Torie conduce una vita monotona, tipica delle ragazze del suo tempo: fa le faccende di casa e aiuta nei campi il padre e Seth, il rabbioso fratello. Un giorno però incontra Wil, un «pellerossa», come lo chiamano con disprezzo in paese. Wil sarà l’amore della sua vita, e gliela cambierà per sempre. L’incontro con Wil determina un prima, e un dopo.
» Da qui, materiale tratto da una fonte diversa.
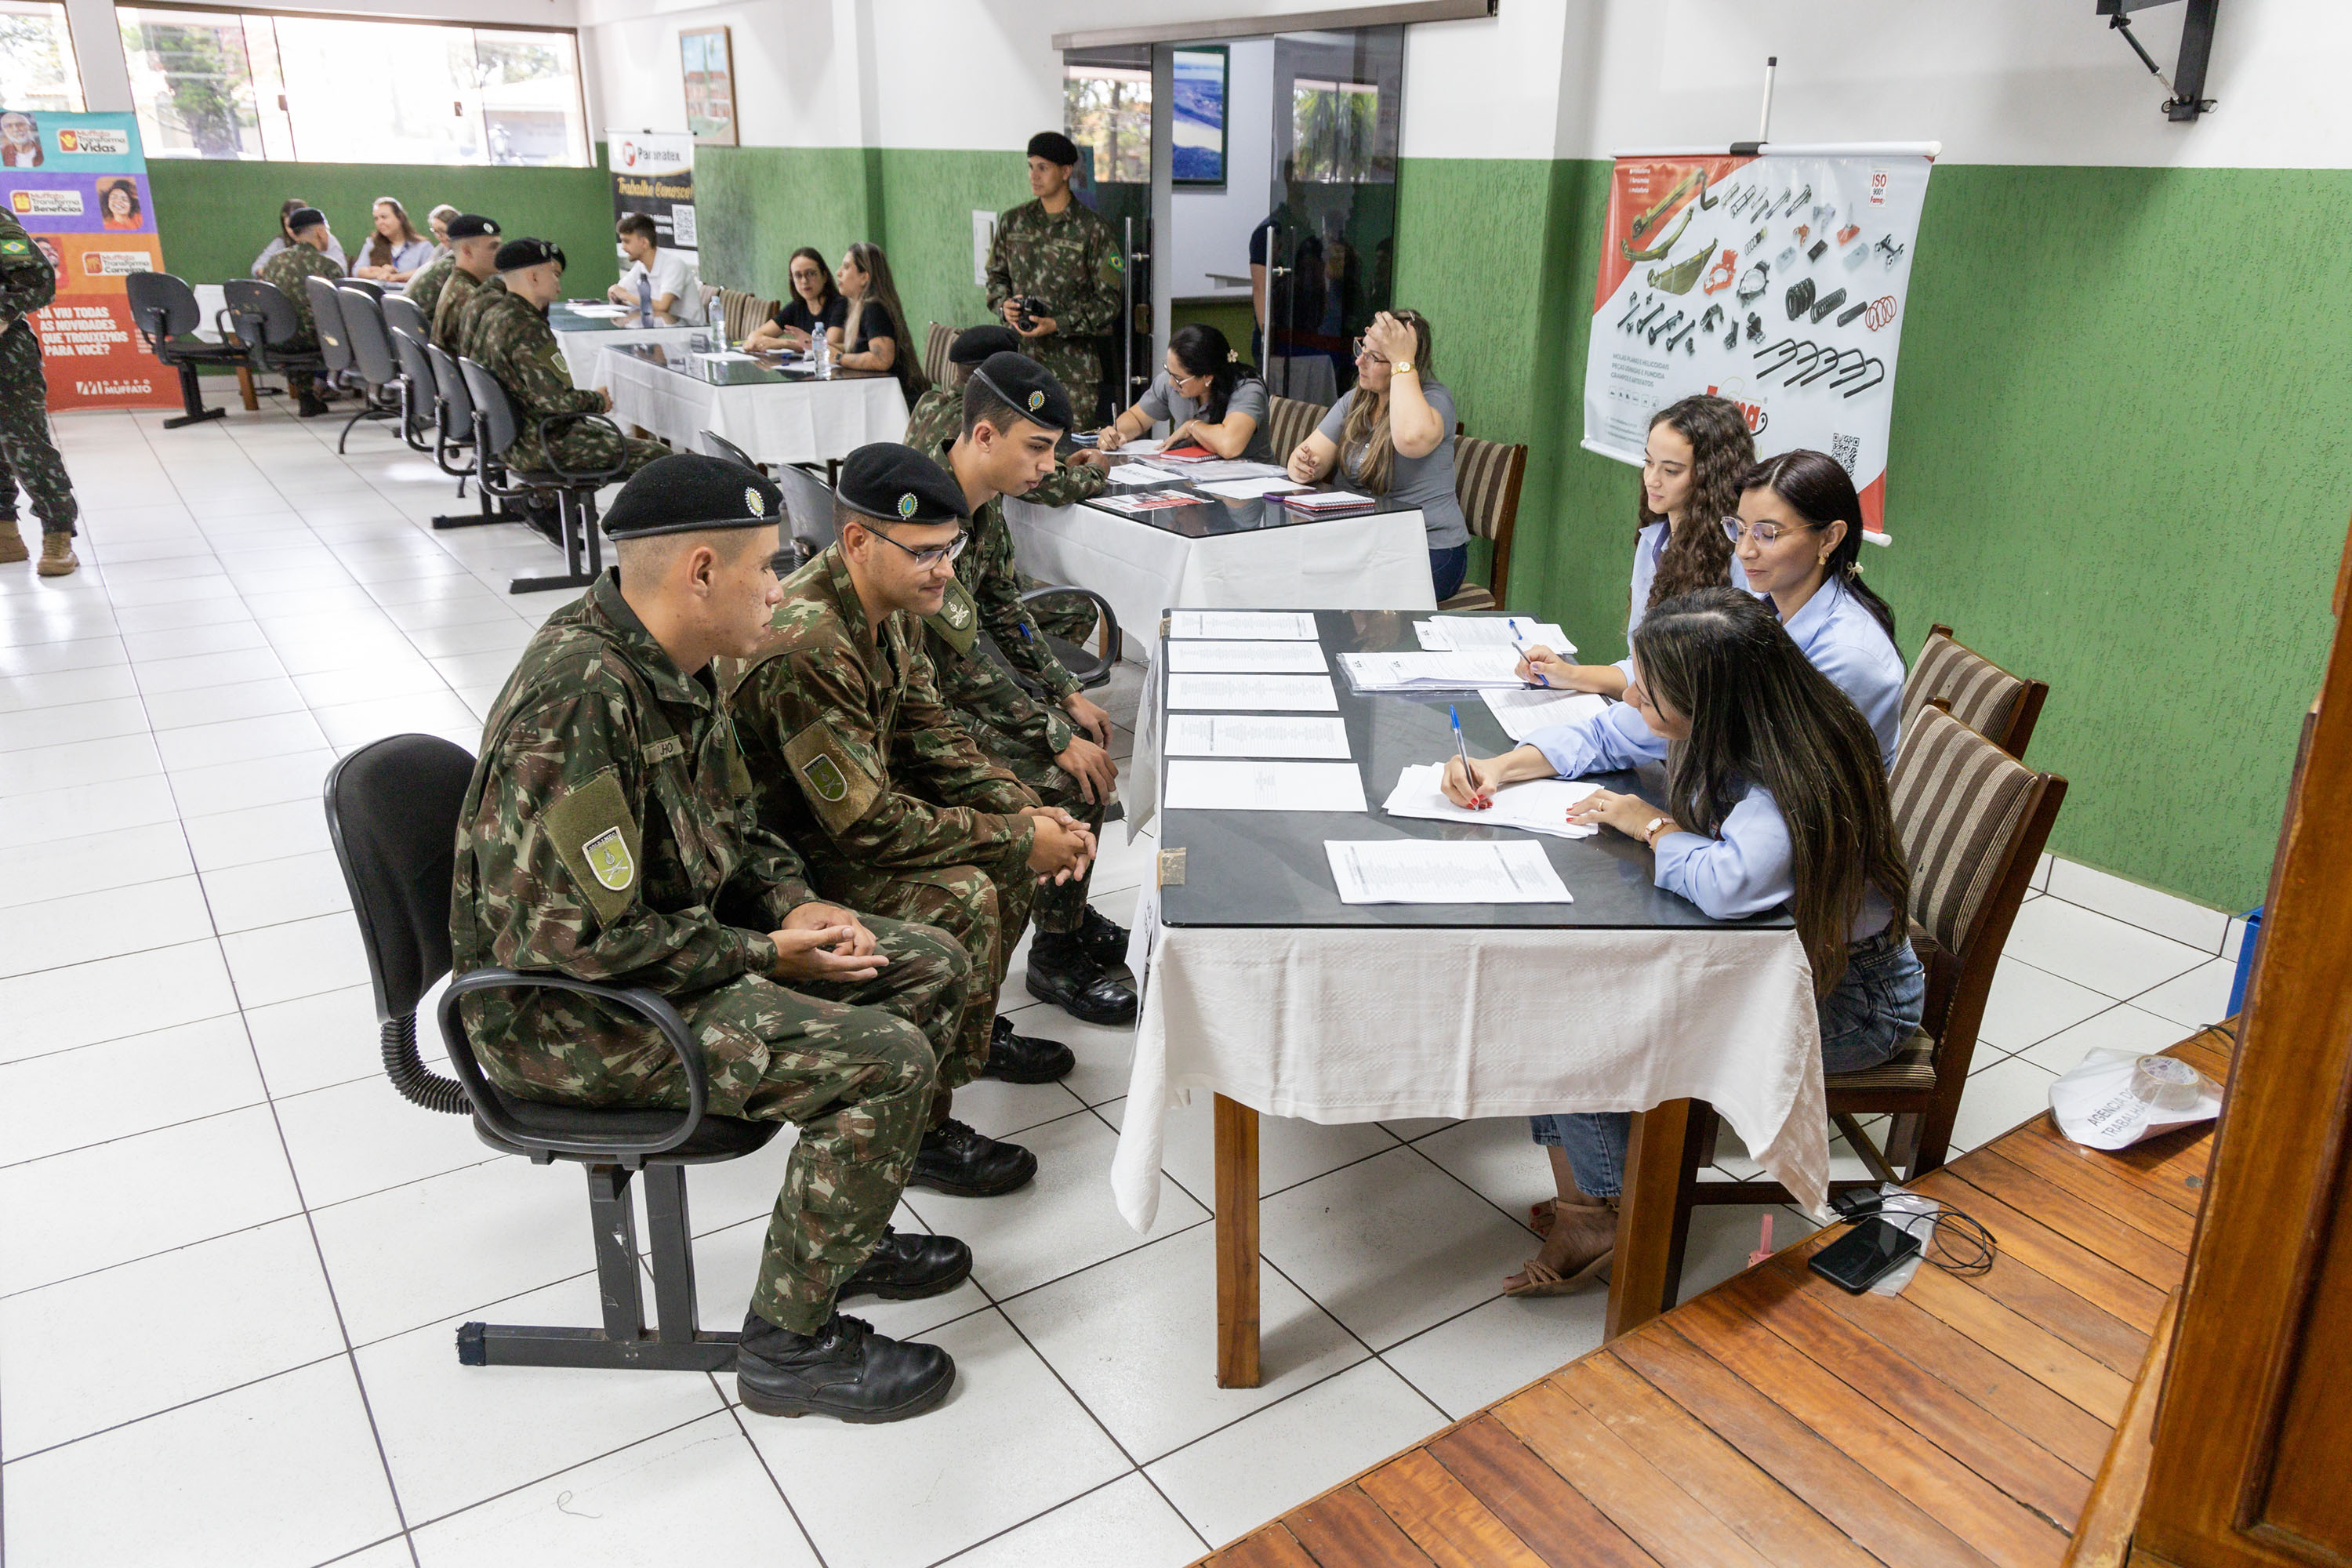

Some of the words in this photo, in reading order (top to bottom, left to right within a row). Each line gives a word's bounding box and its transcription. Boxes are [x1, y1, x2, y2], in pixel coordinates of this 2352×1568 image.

Quell’amore, istantaneo e travolgente, le fa scoprire luoghi sconosciuti, sia interiori che esteriori, e la trasforma in Victoria, non più ragazza ma donna, non più “succube” ma libera, per la prima volta nella sua vita. La porta a scappare di casa, a rifugiarsi nella foresta, dove imparerà a rinunciare a tutto ciò che non è necessario, che la natura è resiliente, così come le donne, e che la vita va vissuta giorno per giorno.

Ma le insegna anche che nella vita non è detto che se si fa del bene, si riceverà del bene, che la violenza è spesso legata all’ignoranza e alla paura del diverso (tema purtroppo attuale) e che per un figlio si è pronti a tutto, anche ad affidarlo a una sconosciuta, per potergli garantire un futuro migliore. 

La prosa di Read è scorrevole, punteggiata da metafore legate alla natura, all’ambiente campestre e al cibo. Nata e cresciuta in Colorado descrive, come solo un autoctono sa fare, le foreste, i fiumi, gli alberi, le stagioni, i suoni e gli odori della montagna. Io che amo profondamente la montagna (e che da anni sogno un viaggio in Colorado), ho provato quasi una punta di nostalgia per questi luoghi a me sconosciuti, come quella che sento quando penso ai miei luoghi del cuore quando sono lontana. Capita anche a voi?

Molto buono anche il lavoro di Elisabetta de Medio: solo in pochissimi punti ci si accorge che si tratta di una traduzione.